I have a vague recollection of having been told when we bought the place that we’d have to get the water tested again from time to time, but, assuming that meant something like “every five years or so,” hadn’t thought about it again in the whole year and a bit that we’ve been the owners. Bad move, apparently! Steve and Jo-Ann told us that one is supposed to have well water tested three times a year, and they were absolutely right: that’s what the Ontario Ministry of the Environment says: “The quality of your well water can change, and changes often aren’t apparent in the taste, smell, or look of your water.”

So! I guess we’d better get our act together. The testing is free; all you have to do is pick up a testing container at the office of the local health unit, fill it up and bring it back. (The health-unit office‘s hours are not remotely convenient for weekend people like us – 8:30 a.m. to 10 a.m. Mondays, Tuesdays and Thursdays – but we’ll figure something out.) Apparently results come back quickly.

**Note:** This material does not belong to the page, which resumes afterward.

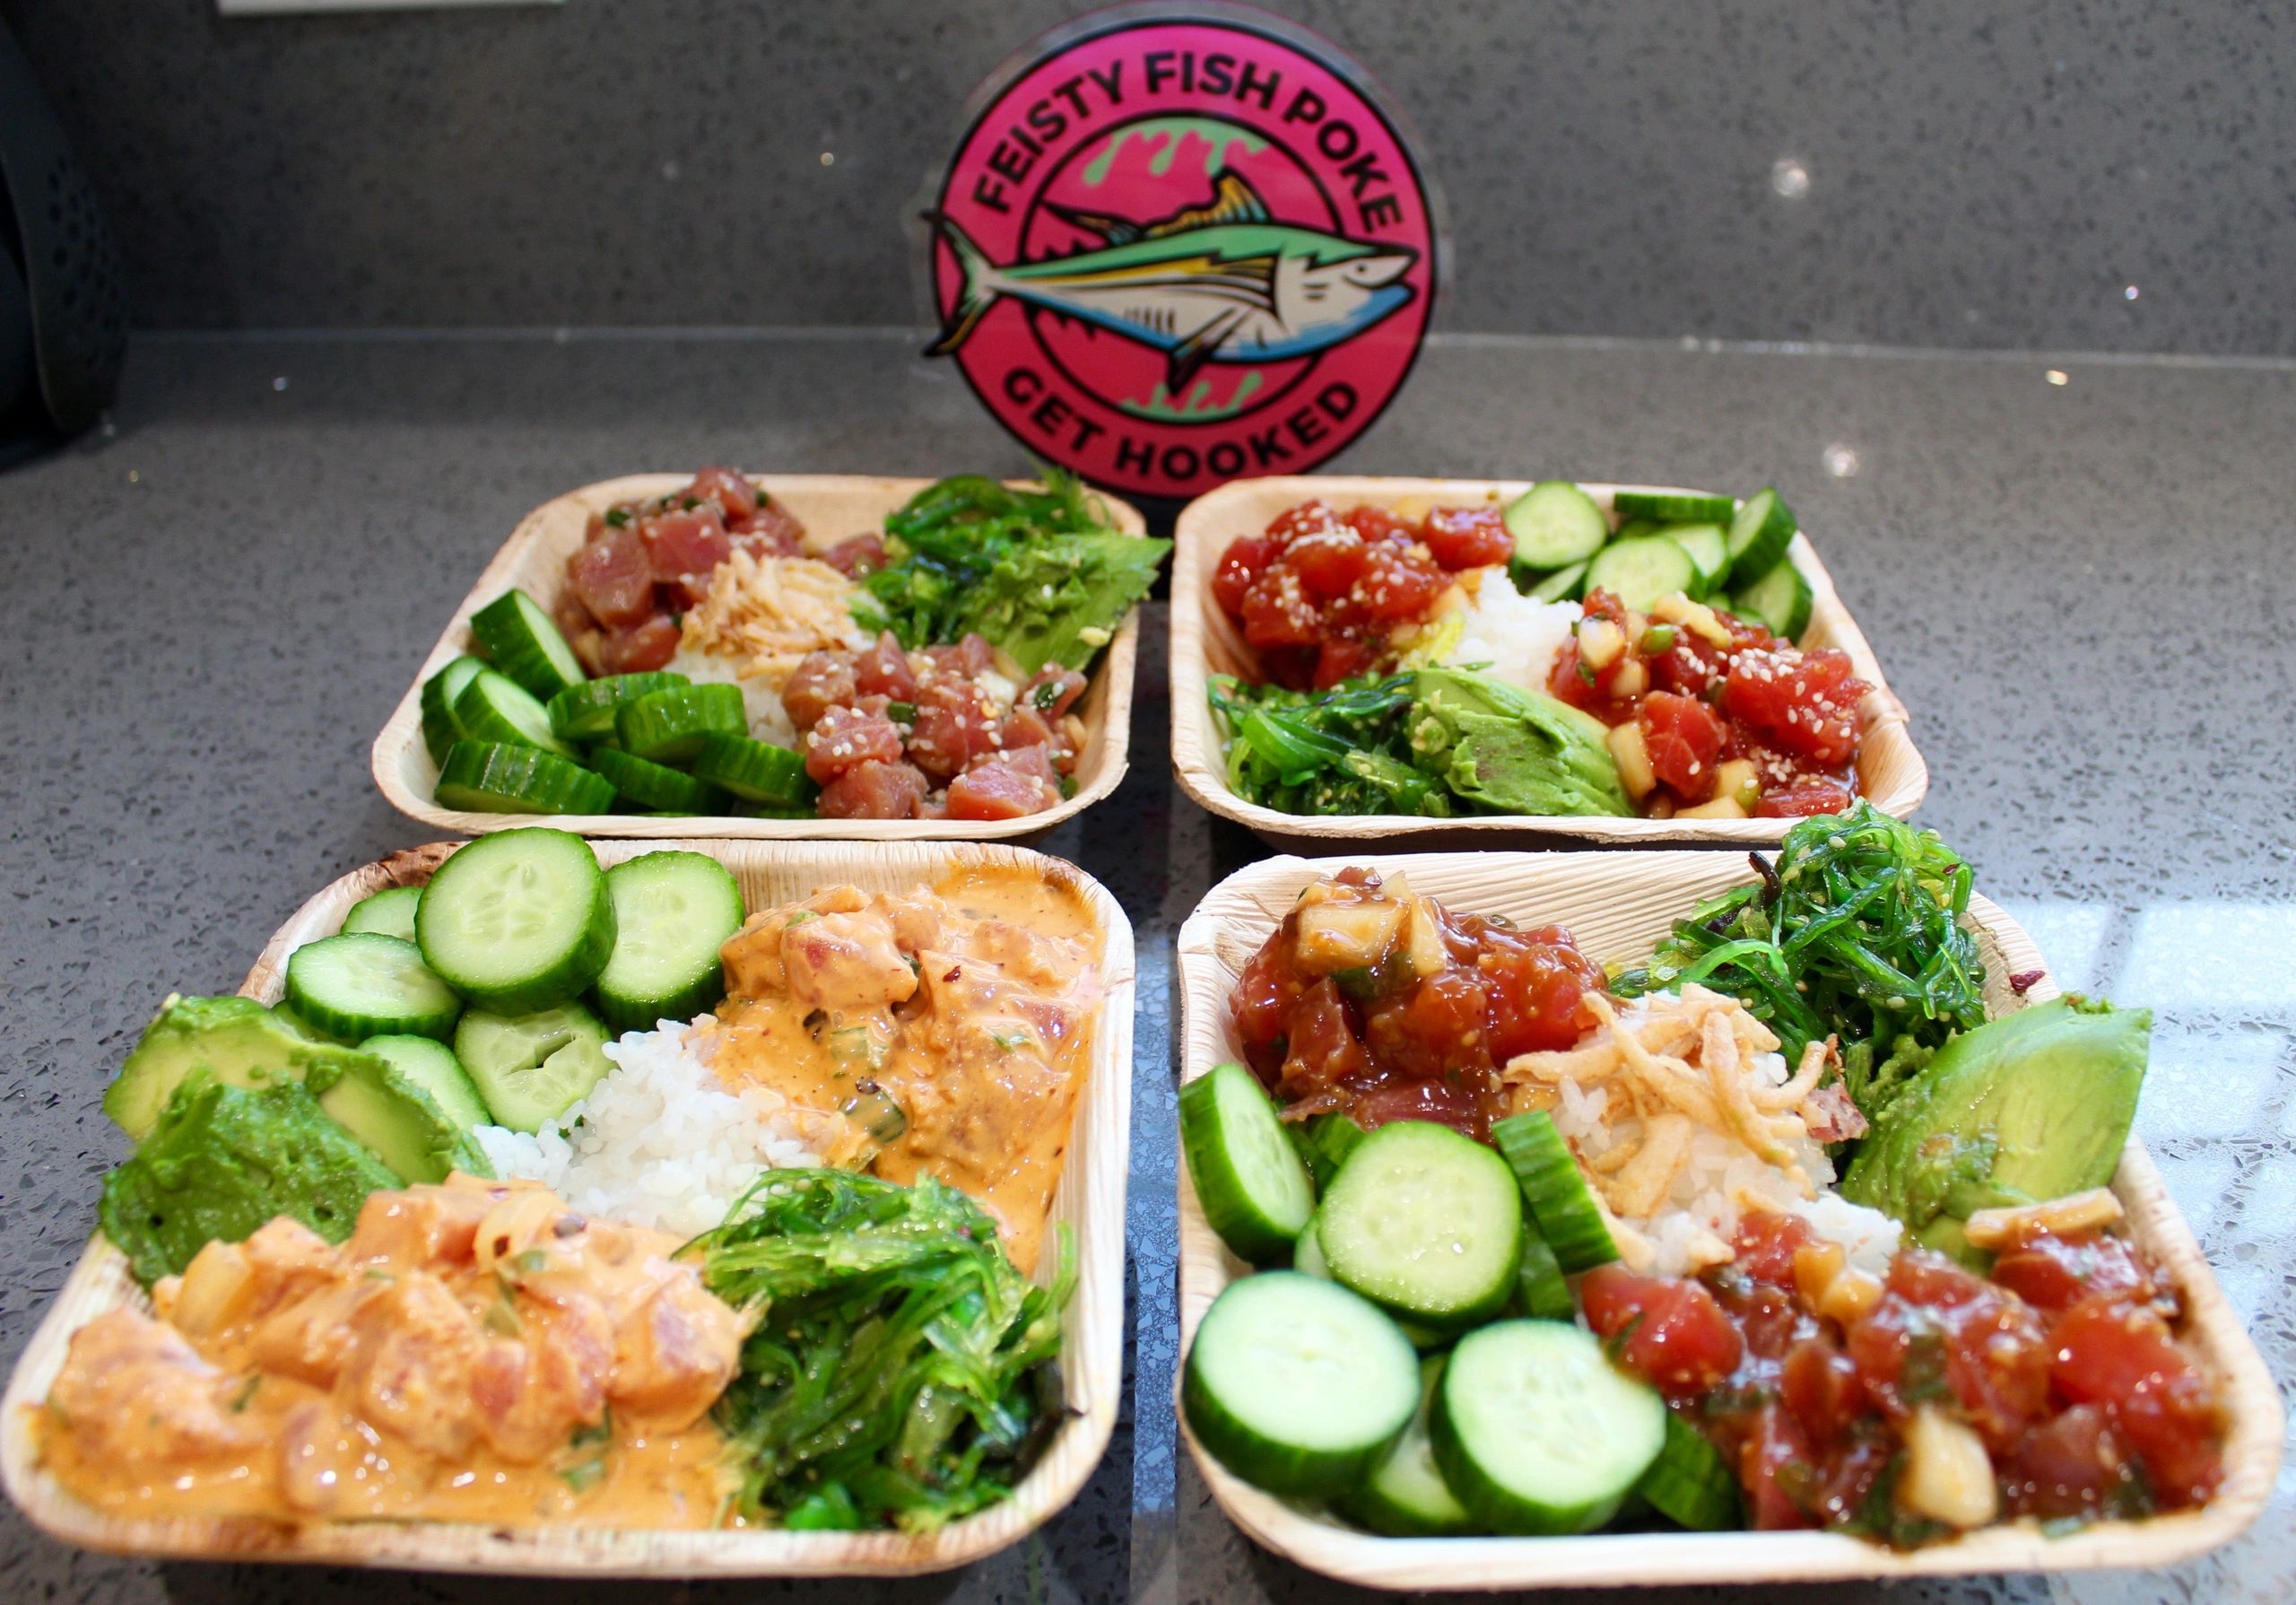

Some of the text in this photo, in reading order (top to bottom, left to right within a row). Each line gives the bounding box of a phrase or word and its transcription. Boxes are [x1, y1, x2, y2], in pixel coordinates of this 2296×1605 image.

[972, 51, 1404, 233] FEISTY FISH POKE
[1003, 367, 1359, 481] GET HOOKED
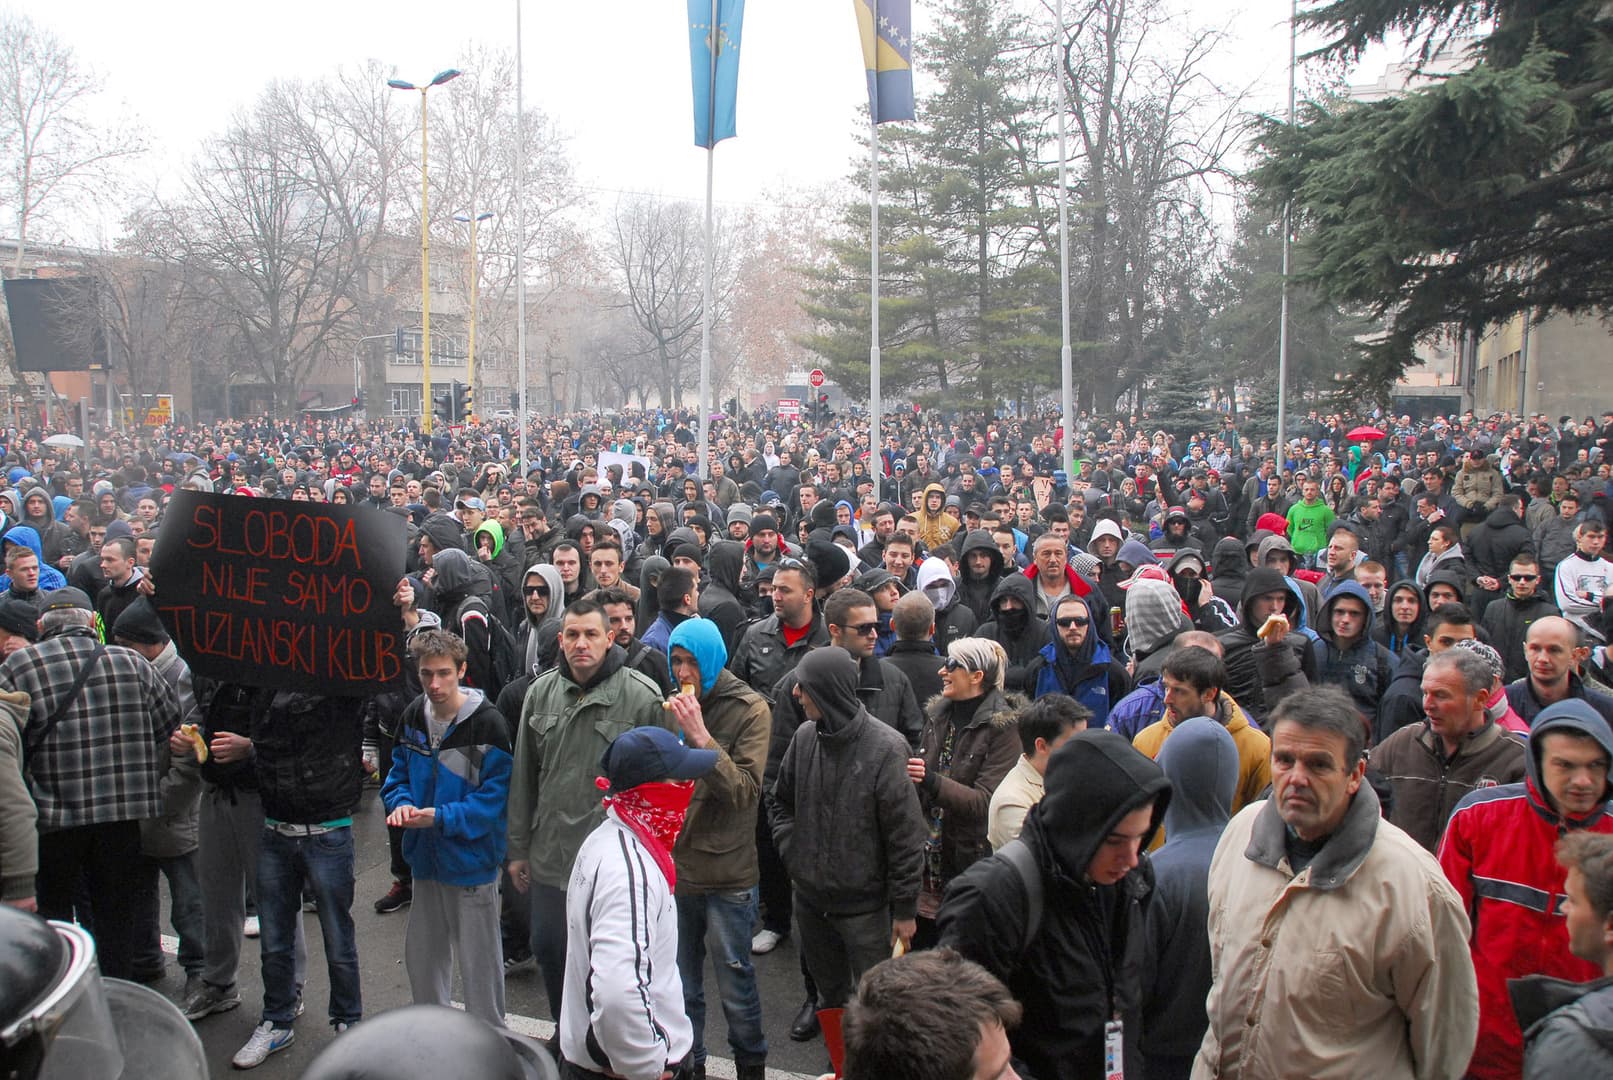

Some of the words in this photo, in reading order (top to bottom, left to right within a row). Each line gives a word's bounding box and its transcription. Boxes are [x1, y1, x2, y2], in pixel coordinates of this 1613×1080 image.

You’d think that as someone who grew up in rural areas I might have known better about the subject of getting well water tested. Have I become as citified as all that? (Then again, I suspect that in the environmentally cavalier 1960s, the rules on things like water testing were a whole lot looser than they are now.) But anyway, clearly we need to start thinking like rural residents. At least part of the time.

8 thoughts on “In the country, you have to test the water. Oops!

  1. Flashback to nine years at Skinner’s Pond! I tested religiously three times a year and sometimes threw in an extra sample after a very heavy rain (we were down the hill from a farm with livestock). Made easier by the fact that I worked at the health unit in North Bay. As there’s a time element in the health unit’s getting your sample to the lab, I’d suggest you talk to one of the inspectors about your limited time in Queensborough. Samples can (and should) be kept refrigerated until you can deliver them to the HU, but I’m not sure overnight is allowable because of degredation of the little bit of material that’s in the test bottles.

    • Thank you for the advice, Brenda! Good to hear from someone who’s been there, done that. I will give the health unit a call and get the lowdown. Three times a year seemed like such a lot when Jo-Ann and Steve mentioned it, but I guess we’ll have to get used to it. Fortunately there are no livestock anywhere uphill from us! (I think…)

  2. Hey guys, I live right beside the health unit…drop your sample off at Country Treasures on the weekend and I will make sure it gets there on the Monday….Cheers, Maureen

    • Maureen, that is so kind of you! Thank you!! We may very well take you up on that. I swear, people in the Queensborough/Madoc/Tweed area are just the best. Folks are so good about helping each other. If a down side of country living is having to get your water tested a lot, a great big up side is the people – like you! – who will go the extra mile to help friends and neighbours out. Such a revelation when one lives in the big city!

  3. Hmmm…our well was drilled in 1981, two years after the little dam on the Black River broke, causing the water table level [for dug surface wells] to drop too far. Presumably, we tested the water quality then but I don’t recall if it has ever been tested since. No matter, what doesn’t kill you will make you stronger, so I’ve heard.